Are you an advertisement for a fat guy in a red suit or a baby lying in a manger?
|Are you an advertisement for a fat guy in a red suit or for a babe lying in a manger?
I used to be a regional director for a home party sales company selling Christmas merchandise. Although I struggled with the commercialism, there were things I loved about that job. I enjoyed helping other women discover their creative talents and abilities. More importantly, I enjoyed being able to share the joy and the spirit and the true meaning of Christmas all year long.
That job helped me in two ways. I learned to be a confident speaker, which eventually led me to train as a lay speaker in my church.
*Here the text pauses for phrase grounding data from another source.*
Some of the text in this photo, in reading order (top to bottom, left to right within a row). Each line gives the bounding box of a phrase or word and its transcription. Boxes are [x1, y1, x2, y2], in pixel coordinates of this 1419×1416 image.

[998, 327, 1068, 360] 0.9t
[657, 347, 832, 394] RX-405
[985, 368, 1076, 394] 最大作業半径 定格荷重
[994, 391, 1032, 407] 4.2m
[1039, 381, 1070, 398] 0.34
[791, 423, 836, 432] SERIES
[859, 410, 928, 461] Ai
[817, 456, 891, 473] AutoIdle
The sales and presentation skills I learned and taught to others transferred to other sales opportunities.
What I truly miss, though, are the opportunities I had to speak with groups of women, from as few as three to as many as 300, about the meaning of Christmas, about family traditions, and about God. Perhaps the Internet has offered another avenue for me. I've also recently rediscovered my love of writing!
Today women are busier than ever. Isn't that ironic, considering the many tools we have to make our lives easier?
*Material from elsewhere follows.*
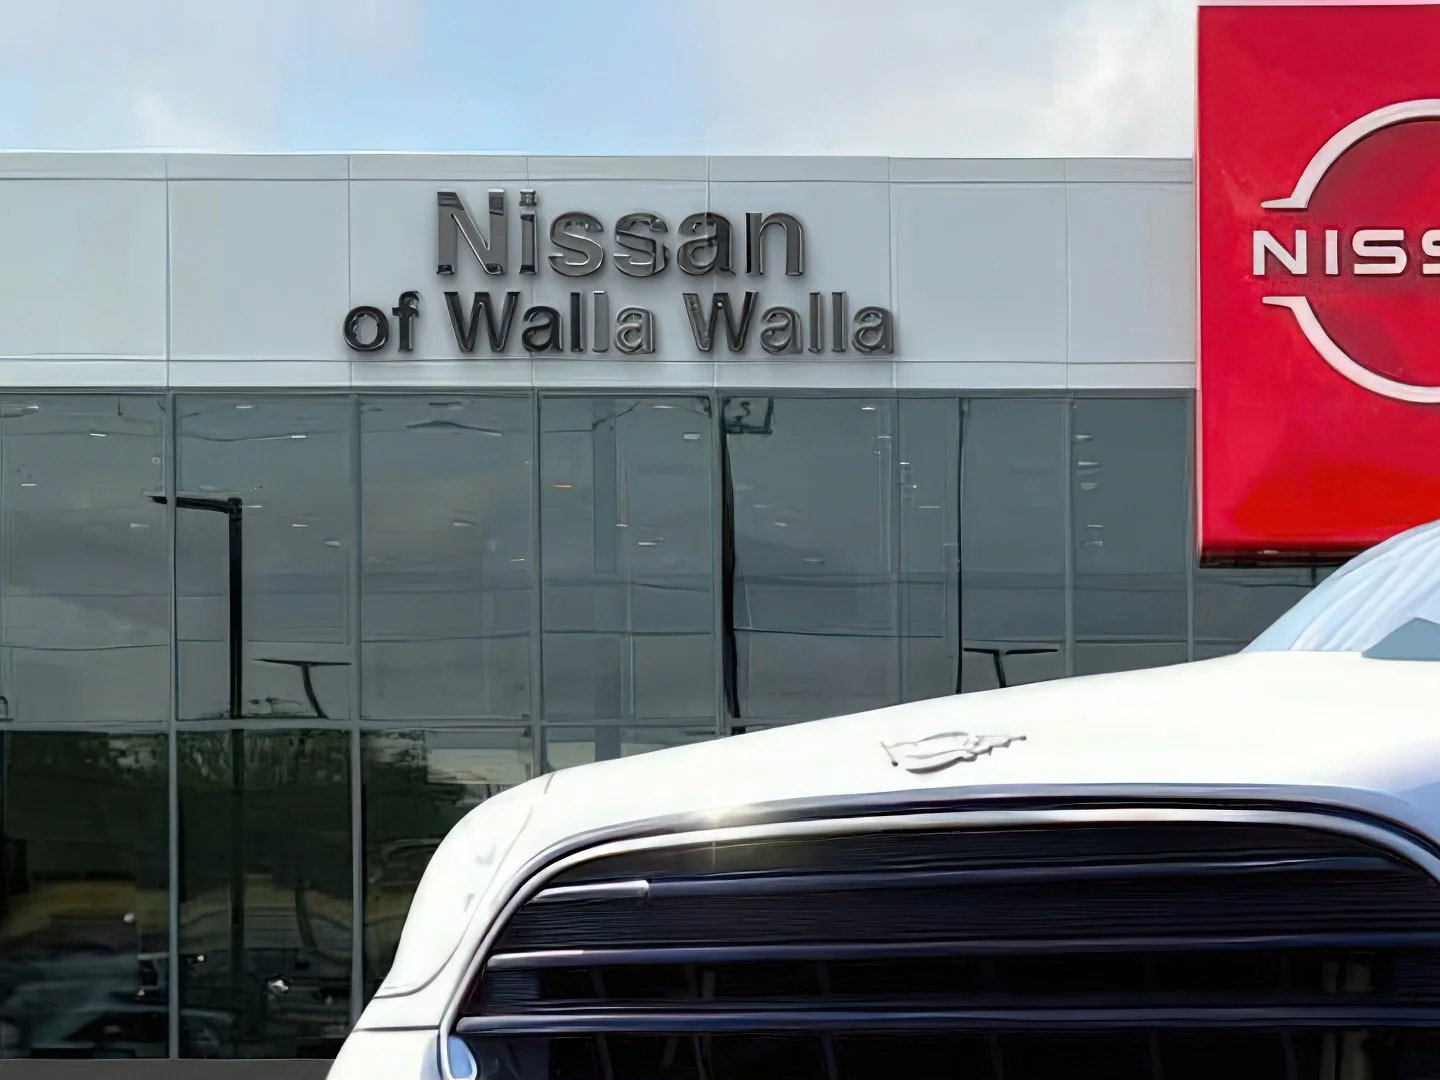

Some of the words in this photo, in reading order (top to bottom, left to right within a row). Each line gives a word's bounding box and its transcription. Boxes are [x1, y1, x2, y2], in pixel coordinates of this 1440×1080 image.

[436, 189, 804, 277] Nissan
[343, 290, 421, 353] of
[443, 290, 657, 354] Walla
[681, 290, 895, 354] Walla
My mother had a wringer washer and washing took an entire day. Clothing was made of cotton, which wrinkled, and ironing was something that also occupied wash day.
Today we have automatic washers, our clothing is made of non-wrinkling materials, and we wouldn't even consider ironing sheets! We have microwave ovens for faster cooking, mixers and blenders and food processors. Yet, our lives are so much busier.
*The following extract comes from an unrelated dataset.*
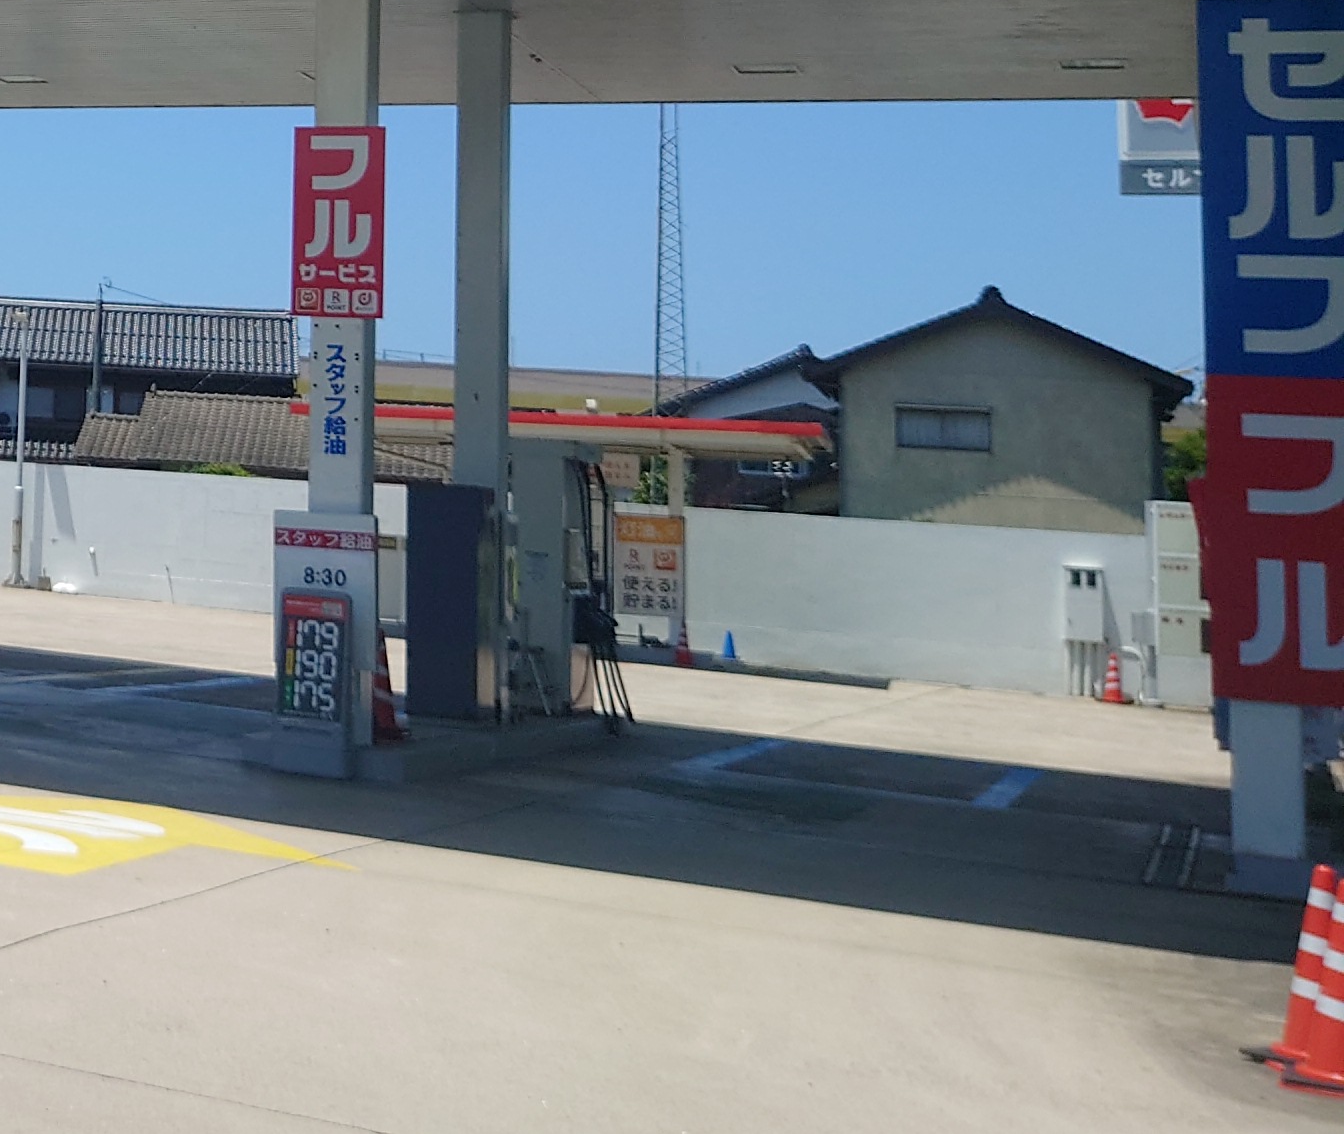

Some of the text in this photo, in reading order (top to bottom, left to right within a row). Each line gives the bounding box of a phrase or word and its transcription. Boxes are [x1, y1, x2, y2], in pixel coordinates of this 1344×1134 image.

Whether one is a mother working outside the home or one of the growing number of stay-at-home moms, women are busier than ever before. Many stay-at-home moms have taken on the role of educator in home schools. We are so busy.
But, what mustn't be lost in our busyness is teaching about the rich traditions of our own families and of our country. Our children and grandchildren need to learn about those old traditions. And, it's important that we start new traditions that fit into our busy lives.
I felt sorry for one neighborhood child recently when I asked what her family usually did at Christmas time. She looked so confused, and had no answer. Her family had no traditions. What will that child have to remember about Christmas except the gifts that she received? She won't have memories of attending Christmas Eve worship service with her family, of visiting nursing homes, or of Christmas caroling. She'll remember a fat guy in a red suit. And she will remember Christmas as a time of receiving instead of a time of giving.
I think it's important for grandmas to write down their memories of Christmases past to pass on to their grandchildren. Mothers and grandmothers need to join together to introduce new traditions. Even busy moms can buy frozen cookie dough at the grocery, cookie cutters and Christmas sprinkles. Christmas music should resound through our homes as we decorate and make gifts. And the only TV programs or videotapes we should watch during the Christmas season are the wonderful Christmas stories of old.
After making cookies, why not deliver them to your neighbors and nursing homes? Save Christmas cards to make ornaments and give them away. Isn't it time that we teach our children the gift of giving rather than receiving? And, if our children's friends have parents who are not sharing like experiences, why not include them in your festivities?
It is so important that our children learn the true meaning of Christmas. They need to understand that we are celebrating the birth of Jesus Christ. Ever wonder how you'd feel if it were your birthday and your friends and family members exchanged gifts with each other, but ignored you entirely? Ever wonder how Jesus feels?
Jesus is the reason for the season! Without him, there is no such thing as Christmas!
Are you an advertisement for a fat guy in a red suit or for a babe lying in a manger?